Most organizations treat non‑human identities like any other credential: they store a long‑lived service‑account key in a repository, a CI pipeline pulls the key, and the job connects directly to BigQuery. The connection bypasses any central enforcement point, and the only trace left is the occasional Cloud‑audit log entry that shows a project‑level API call. Teams lack per‑query visibility, lack a record of which automated process issued the request, and lack a way to mask or redact sensitive result fields before they land in downstream storage.
This reality violates several NIST SP 800‑53 controls. AC‑2 requires account management and periodic review; AU‑6 demands audit review, analysis, and reporting; and SC‑7 calls for boundary protection and monitoring. When a machine identity queries data without a gatekeeper, the organization cannot demonstrate that it enforces least‑privilege, that it reviews each access, or that it protects data in transit and at rest from accidental exposure.
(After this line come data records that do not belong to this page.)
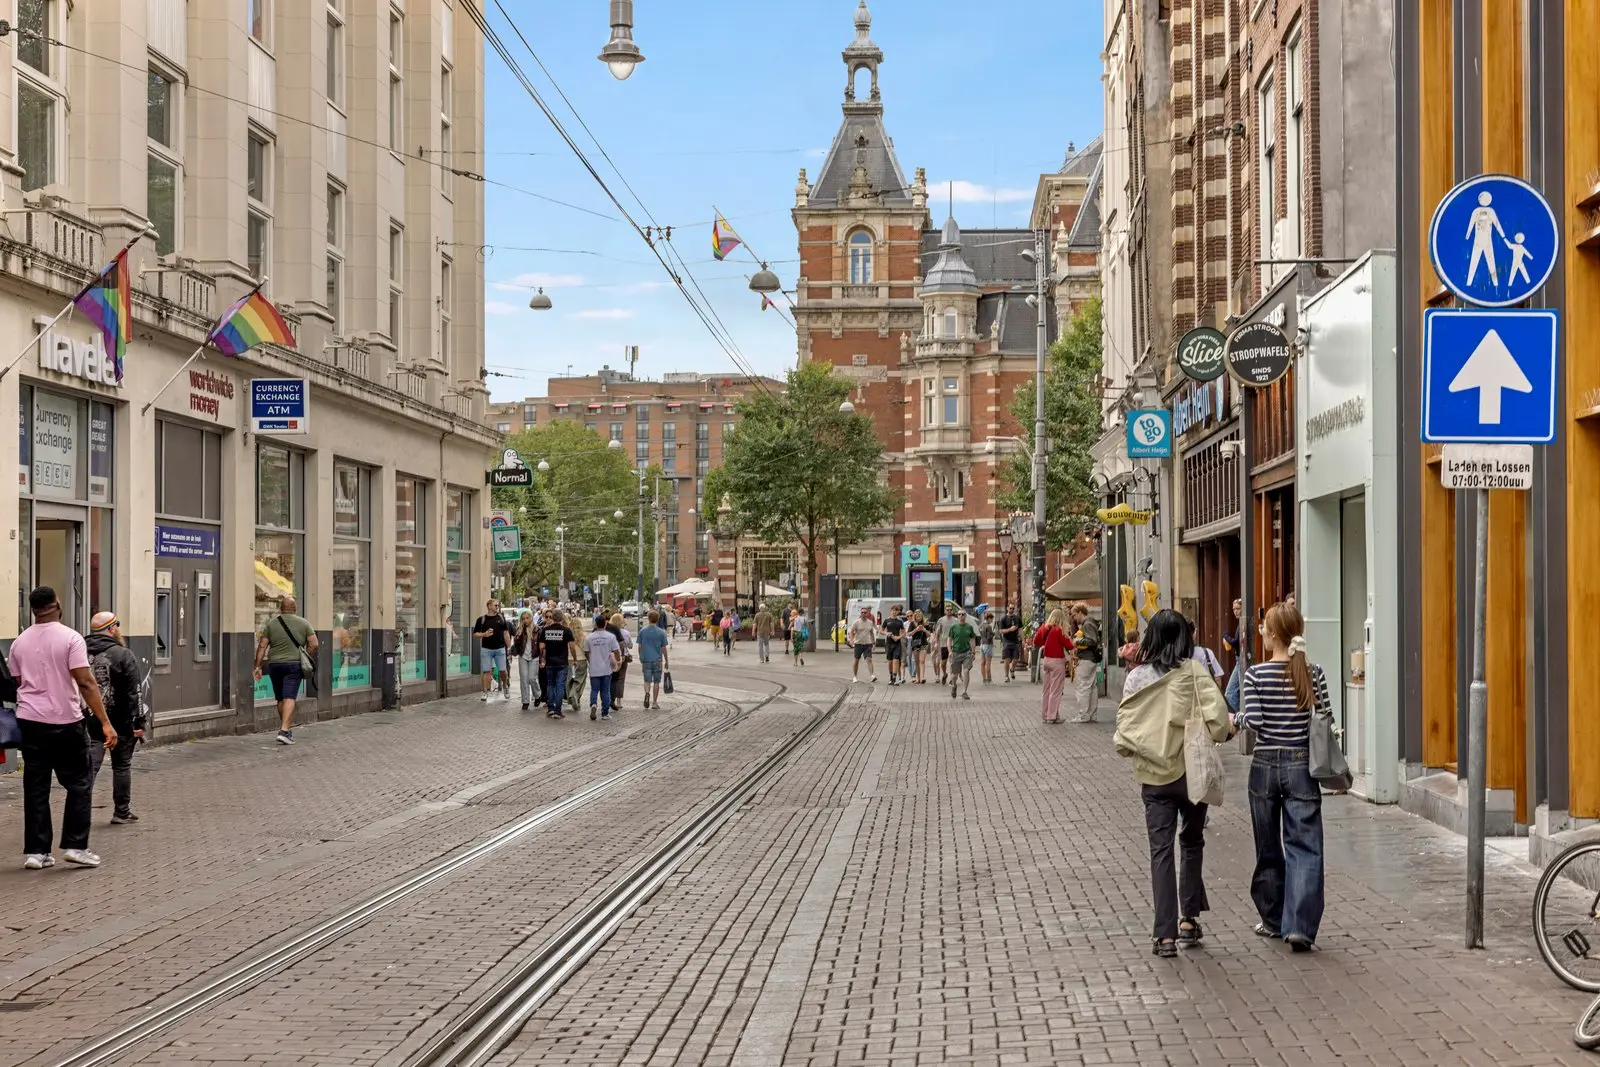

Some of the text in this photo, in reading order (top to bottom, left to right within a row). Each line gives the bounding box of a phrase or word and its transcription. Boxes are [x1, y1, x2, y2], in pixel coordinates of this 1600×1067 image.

[1234, 323, 1280, 343] FIRMA STROOP
[33, 313, 123, 389] Travele
[1180, 340, 1224, 366] Slice
[1230, 346, 1289, 363] STROOPWAFELS
[1251, 367, 1272, 375] SINDS
[189, 369, 234, 400] worldwide
[190, 393, 219, 421] money
[267, 406, 290, 414] ATM
[1139, 418, 1155, 430] to
[1144, 426, 1161, 443] go
[1151, 447, 1168, 455] Heijn
[1481, 463, 1493, 472] en
[1496, 460, 1530, 472] Lossen
[495, 472, 528, 482] Normal
[1107, 511, 1149, 521] souvenirs
Moving to a token‑based model for non‑human identities is a step forward. By federating service accounts to an OIDC provider, each automated workload receives a short‑lived token that encodes its group membership and intended purpose. You can scope the token to a specific BigQuery dataset, and the token expires after a few minutes. However, the request still travels straight from the workload to BigQuery. The data path remains open, meaning teams still lack a place to enforce query‑level policies, lack a central log of every statement, and lack inline masking of personally identifiable information. Consequently, the organization cannot provide an auditor with concrete evidence that it reviews, approves, and records each machine‑initiated query.
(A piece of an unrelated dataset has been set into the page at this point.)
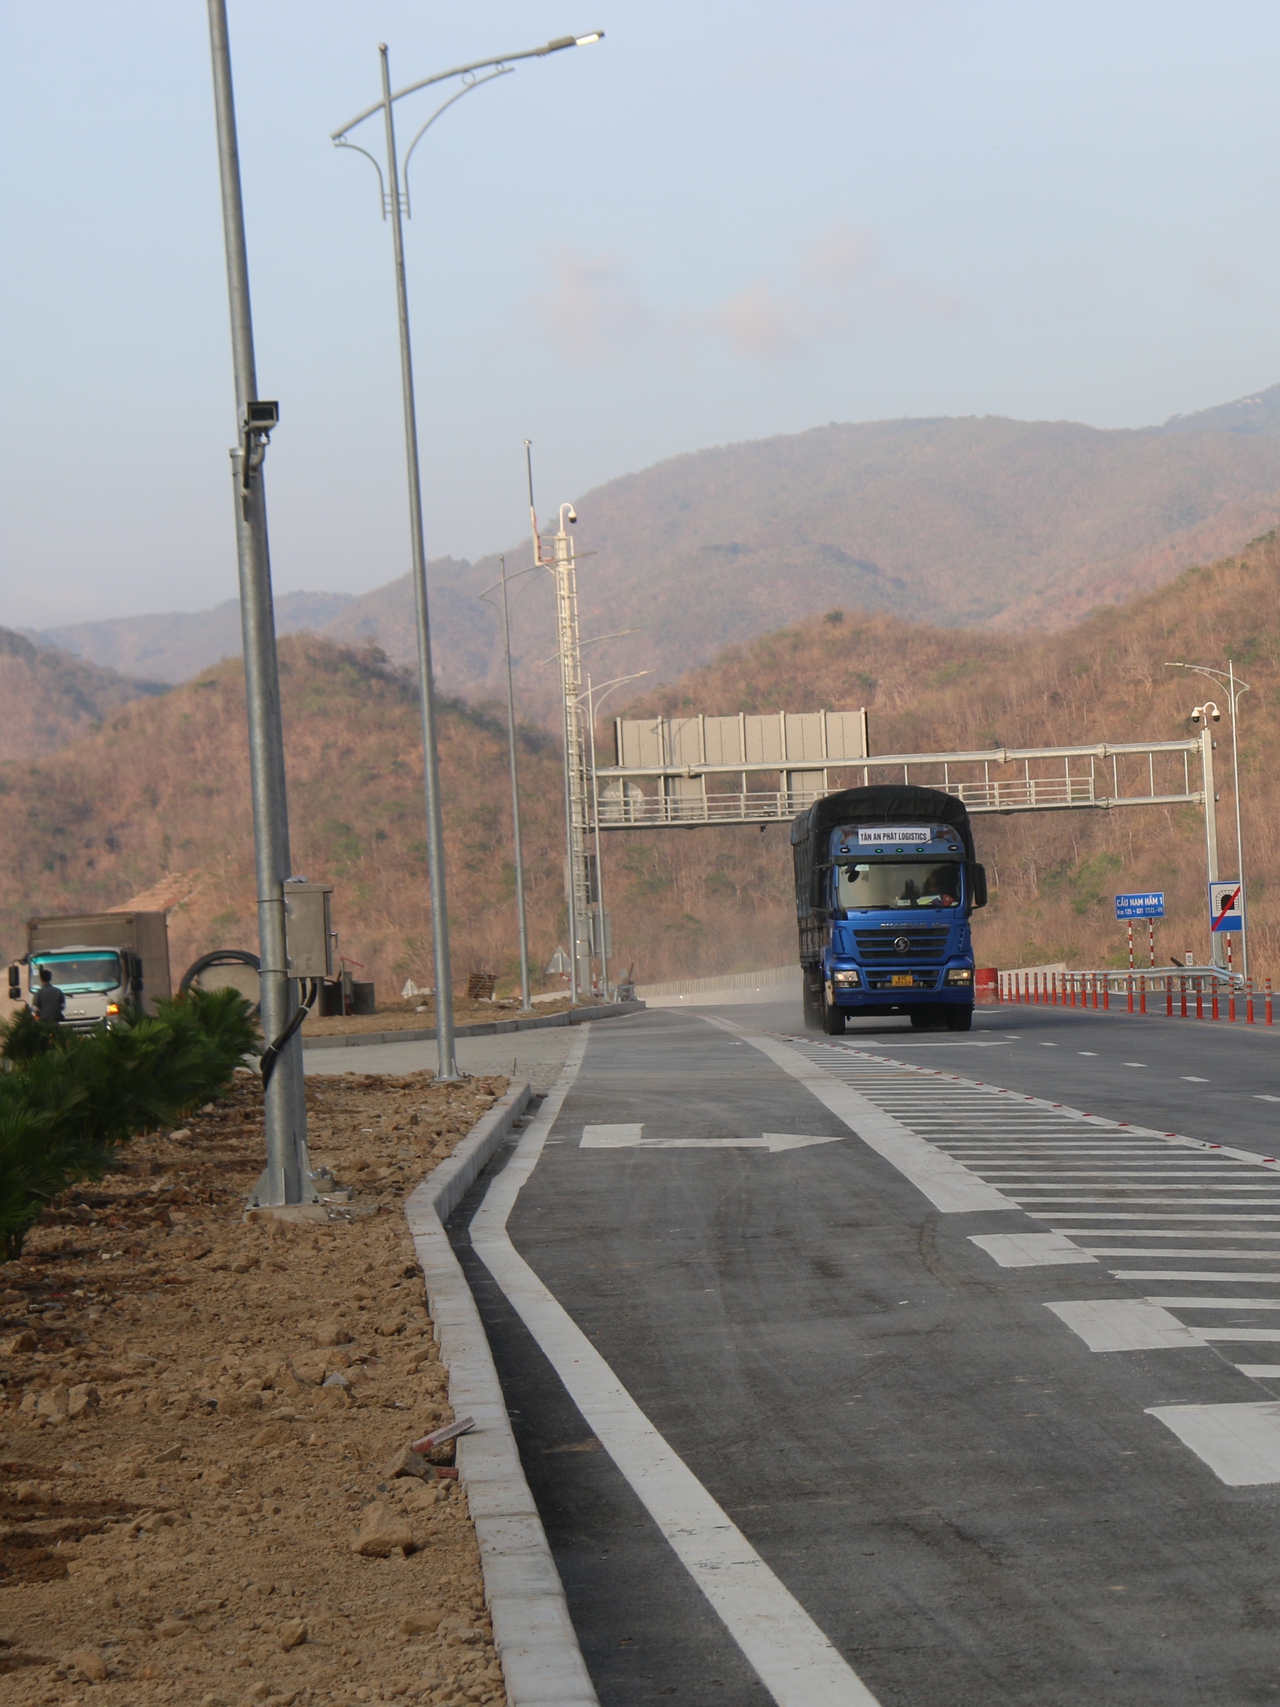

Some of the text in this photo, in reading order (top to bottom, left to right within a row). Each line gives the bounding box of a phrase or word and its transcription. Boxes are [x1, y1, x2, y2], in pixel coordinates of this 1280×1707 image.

[873, 832, 881, 841] AN
[898, 832, 927, 841] LOGISTICS
[1130, 898, 1143, 906] NAM
hoop.dev sits in the data path as an identity‑aware proxy for BigQuery. It receives the OIDC token, validates the identity, and then forwards the request to BigQuery on behalf of the workload. Because the gateway is the only point where traffic to the database passes, hoop.dev can apply just‑in‑time approvals, block disallowed statements, mask sensitive result columns, and record the full session for replay.
Why nist compliance matters for machine identities
NIST standards explicitly require auditability and least‑privilege enforcement for all identities, human or not. Control AC‑2 requires organizations to uniquely identify each account and review its permissions regularly. Control AU‑6 expects organizations to log, retain, and analyze every security‑relevant event. Control SC‑7 mandates that the organization monitor and control communications at the boundary of its information system. When non‑human identities bypass a boundary, none of these controls can be satisfied.
Setup: defining who can start a request
You register service accounts with an OIDC provider, and you grant each account a minimal set of scopes that map to a specific BigQuery dataset. The identity provider supplies a signed token that hoop.dev can verify. This step decides who may initiate a connection, but it does not enforce what the connection can do once it reaches BigQuery.